It gets even better when you look at the rest of the country. Of the teams ranked in the Top 15 at the time, Denver and Lowell were the only ones to escape the weekend unscathed. Boston University and Ohio State tied unranked teams. Every other club suffered at least one loss, the vast majority coming at the hands of unranked teams. Check out the details:

No. 1 St. Cloud lost to unranked Minnesota-Duluth.
No. 3 New Hampshire lost to unranked Providence.
No. 4 Minnesota lost to unranked Wisconsin.
No. 6 Michigan State lost to unranked Western Michigan.
No. 7 Boston University tied unranked Providence.
No. 8 Michigan lost to Alaska-Fairbanks.
No. 9 Northern Michigan lost to unranked Notre Dame.
No. 10 Boston College lost twice to UMass-Lowell.
No. 11 Maine lost to and tied unranked Northeastern.
No. 12 Colorado College lost to unranked MSU-Mankato.
No. 13 Cornell lost to unranked Dartmouth.
No. 14 Ohio State tied unranked Lake Superior.
No. 15 Alaska-Fairbanks lost to Michigan.

Two things made the sweep of BC even sweeter. First, the River Hawks had entered the season with a 15-game losing streak to the Eagles hanging over their heads. That unenviable mark had spanned four years.

Even better for the Lowell program was the first Tsongas Arena sellout since the year the building opened. In fact, the building was over-capacity for the Saturday night game since 300 standing room only tickets were sold.

“Having a big crowd in the house has been a dream for this team and myself,” said coach Blaise MacDonald. “We’re a team of passion and to see that crowd and their spirit — you could almost sense the pride they had for what we were doing — it gave us a much-needed boost. And I mean a much-needed boost in the third period, especially with BC scoring the first goal.
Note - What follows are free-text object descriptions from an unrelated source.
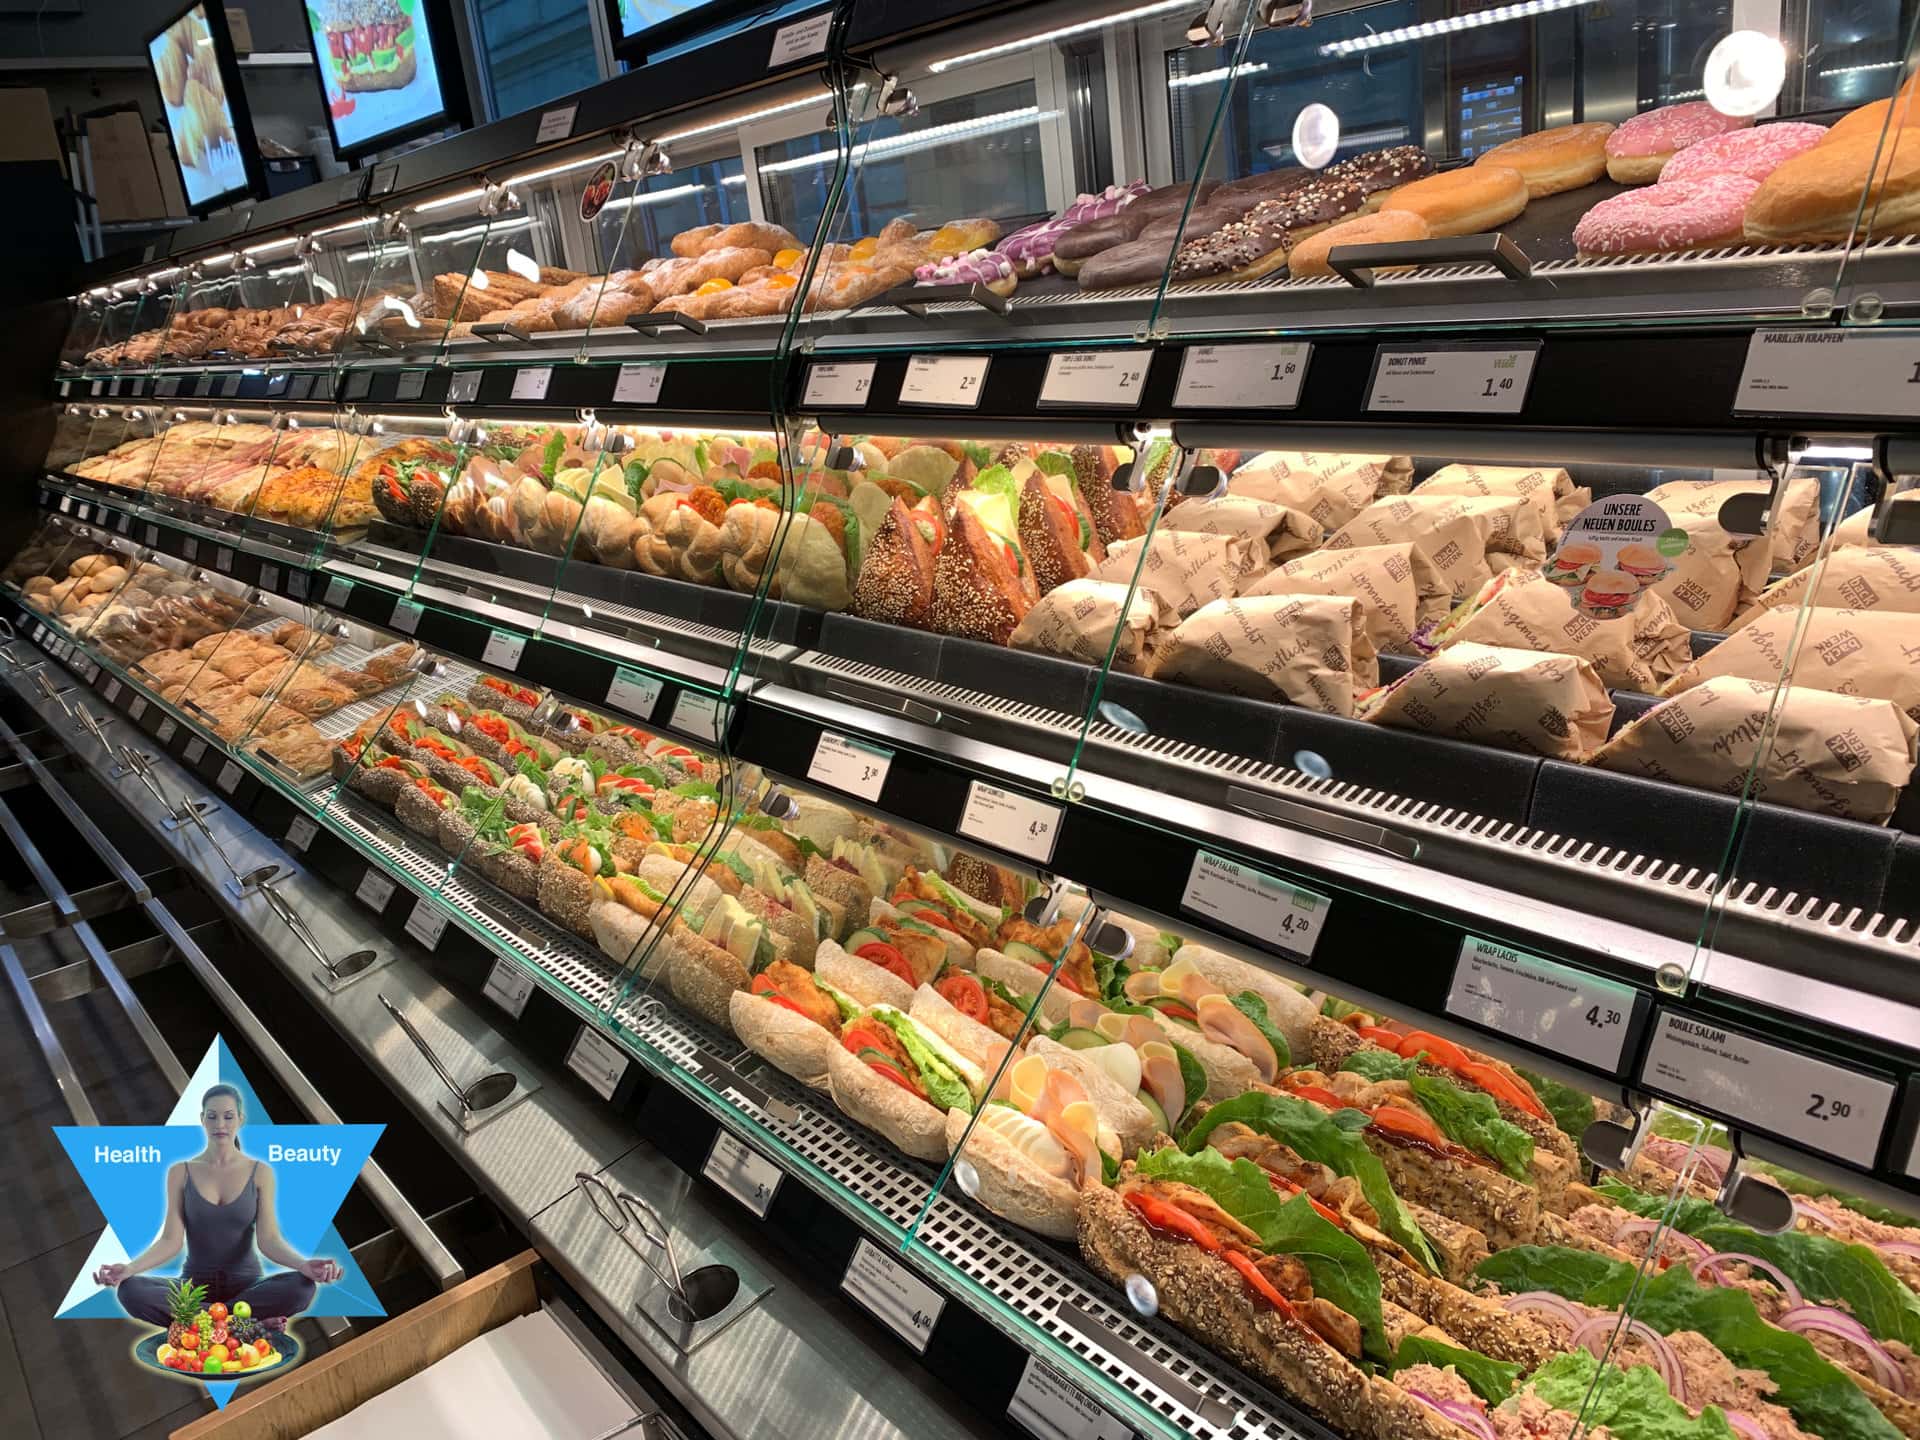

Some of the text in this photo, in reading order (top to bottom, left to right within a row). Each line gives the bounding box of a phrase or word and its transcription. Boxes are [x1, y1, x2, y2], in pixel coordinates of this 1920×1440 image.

[1764, 333, 1845, 343] MARILLEN KRAPFEN
[1271, 362, 1296, 380] 1.60
[1482, 378, 1513, 397] 1.40
[1603, 504, 1643, 516] UNSERE
[1583, 518, 1657, 532] NEUEN BOULES
[1431, 540, 1460, 566] back
[1672, 584, 1704, 612] back
[1815, 630, 1854, 652] WERK
[1822, 636, 1864, 667] back
[1654, 709, 1688, 745] back
[1671, 702, 1696, 736] WERK
[1825, 733, 1862, 773] back
[1842, 727, 1873, 766] WERK
[1029, 820, 1048, 836] 4.30
[1203, 855, 1240, 876] WRAP FALAFEL
[1282, 913, 1309, 934] 4.20
[1476, 942, 1518, 963] WRAP LACHS
[1585, 1005, 1621, 1029] 4.30
[1668, 1018, 1727, 1044] BOULE SALAMI
[1806, 1094, 1851, 1121] 2.90
[912, 1310, 931, 1328] 4.00
“Quite honestly, it’s hard to put into words the feeling of looking up from the bench and seeing this beautiful arena just jam-packed and yet have two rows deep of people standing around the edges.”

The River Hawks had to deal with some adversity to secure the sweep, playing without top forwards Ed McGrane and Laurent Meunier on Friday night and Meunier on Saturday. (More on McGrane later.) They also had to overcome an ordinary-at-best performance by goaltender Cam McCormick on Saturday night in which he gave up more than two goals for the first time all season.

The senior has been so extraordinary all year that some casual observers have concluded that Lowell is a one-man team. A case in point was an email from a UNH fan last week who ripped yours truly for ranking the River Hawks ahead of New Hampshire. The fan wrote of Lowell, “If they didn’t have McCormick, they would be just another unheard-of Division I team.”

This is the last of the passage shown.